I have prepared a simple stress test script for k6.io. The script imitates a behavior of "customers browsing the shop and looking for some products". I.e. the script opens a product card and requests a couple of static files, waits 2-5 seconds, and then repeats it all again. During the test, the number of concurrent users will increase and decrease to emulate "user waves".

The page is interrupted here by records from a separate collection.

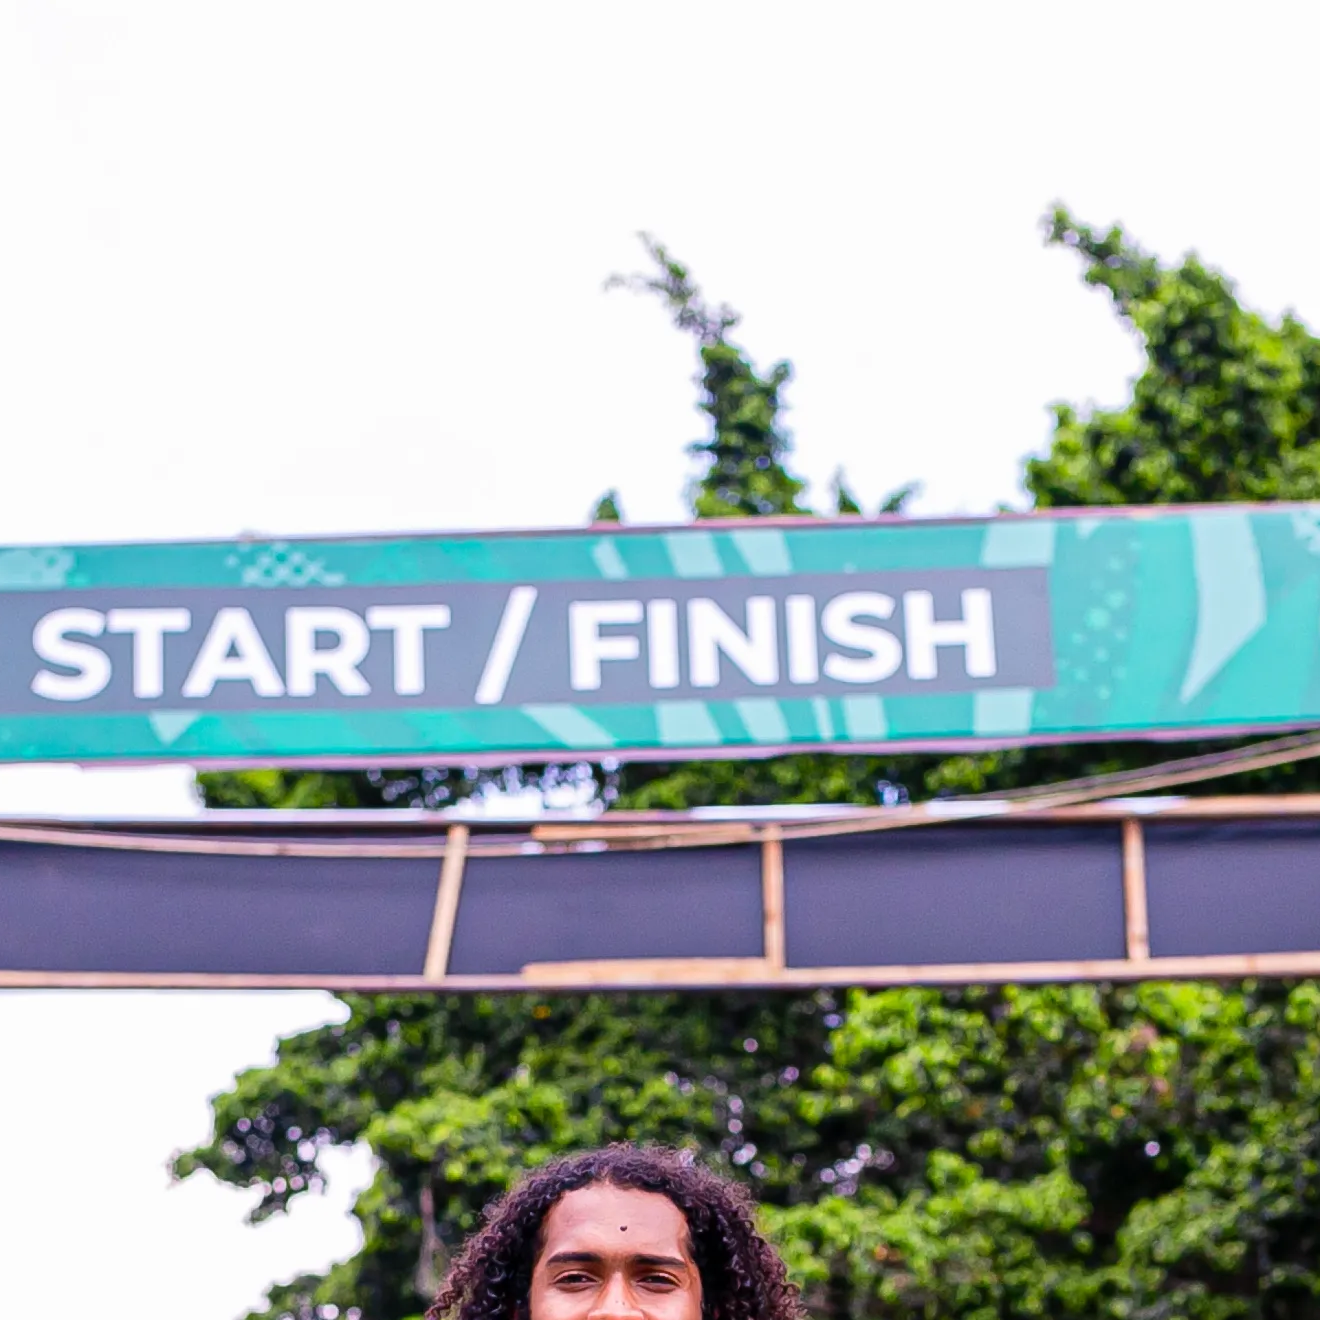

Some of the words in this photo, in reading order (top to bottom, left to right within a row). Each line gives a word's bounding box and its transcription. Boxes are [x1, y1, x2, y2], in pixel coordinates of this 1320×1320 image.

[30, 604, 452, 702] START
[474, 585, 538, 704] /
[568, 587, 998, 692] FINISH
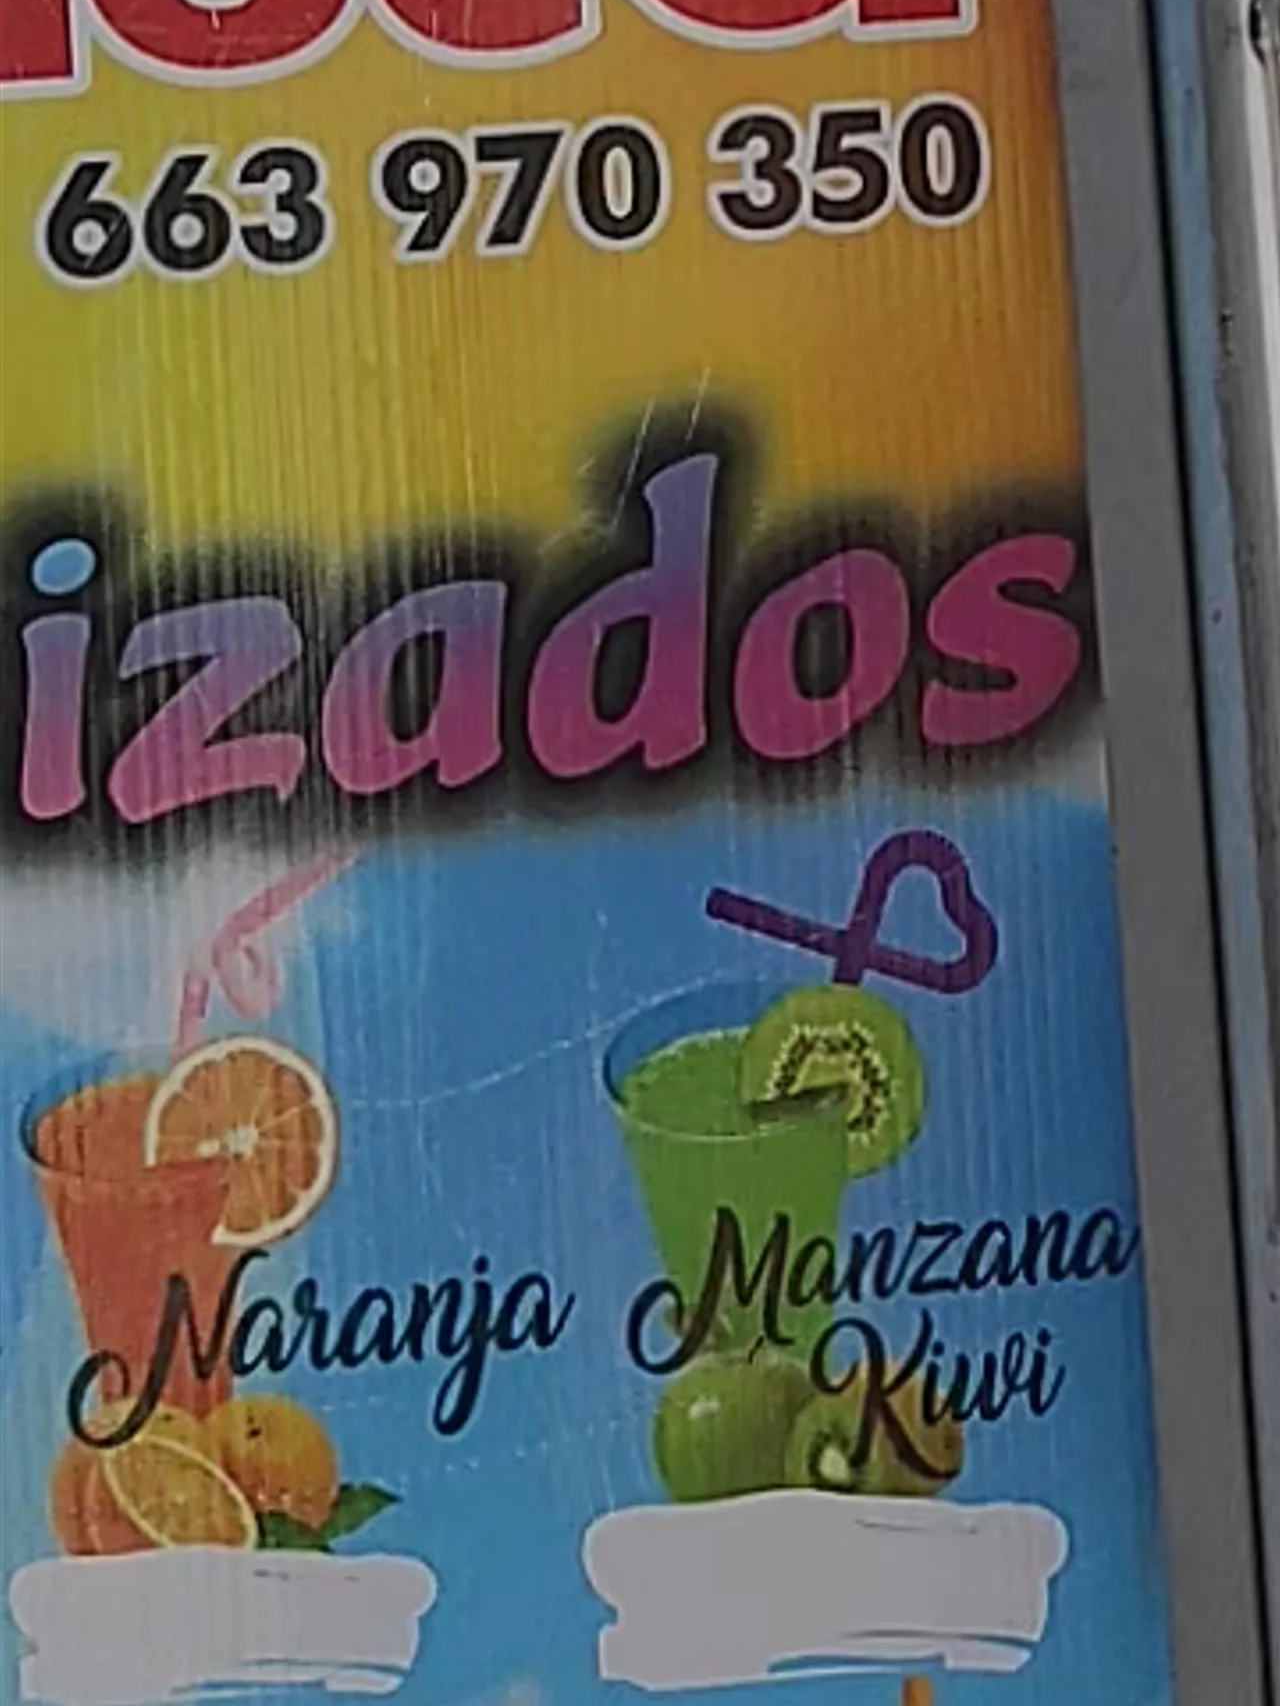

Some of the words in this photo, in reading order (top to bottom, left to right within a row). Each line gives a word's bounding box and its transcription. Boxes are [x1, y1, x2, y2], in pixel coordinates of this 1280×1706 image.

[44, 144, 328, 280] 663
[381, 124, 663, 253] 970
[715, 101, 984, 231] 350
[20, 452, 1081, 825] izados
[66, 1248, 577, 1451] Naranja
[626, 1205, 1140, 1376] Manzana
[809, 1307, 1067, 1481] Kiwi

You Can Use This Stress Test for Your WooCommerce Instance

Just run the command:

docker run -i grafana/k6 -e DOMAIN_NAME="yourDomain" run github.com/wspaws/woocommerce/stress-test-k6.js

If you want to get those neat graphs I show in the article, use these commands:

git clone https://github.com/luketn/docker-k6-grafana-influxdb.git
cd docker-k6-grafana-influxdb
docker-compose up -d influxdb grafana
docker-compose run k6 -e DOMAIN_NAME="yourDomain" run github.com/wspaws/woocommerce/stress-test-k6.js

The graphs will be available on http://localhost:3000/d/k6/k6-load-testing-results

Don't forget to say "Thank you" to the author of this docker-compose

Test Results

Infrastructure	p(95) Response Time best - worst	RPS avg. best - worst	Error rate Max served users	App cost	Full cost
WSP default: 0.25vCPU, 512Mb RAM, 1 container	1.34s - 4.53s	39 - 43	80% error rate 40 users	~$10-$22/mo	~$46-$58/mo
x4 manual vertical scaling: 1vCPU, 2Gb RAM, 1 container	230ms - 2.45s	50 - 570	40% error rate ~190 users	~$36-$44/mo	~$72-$83/mo
x4 auto horizontal scaling: 0.25 vCPU, 512Mb RAM, 1-4 containers	990ms - 9.8s	43 - 511	65% error rate ~250 users	~$17-$39/mo	~$53-$78/mo

What?! Horizontal Autoscaling makes no sense?! Look at the numbers! Horizontal Autoscaling is so much worse in terms of performance!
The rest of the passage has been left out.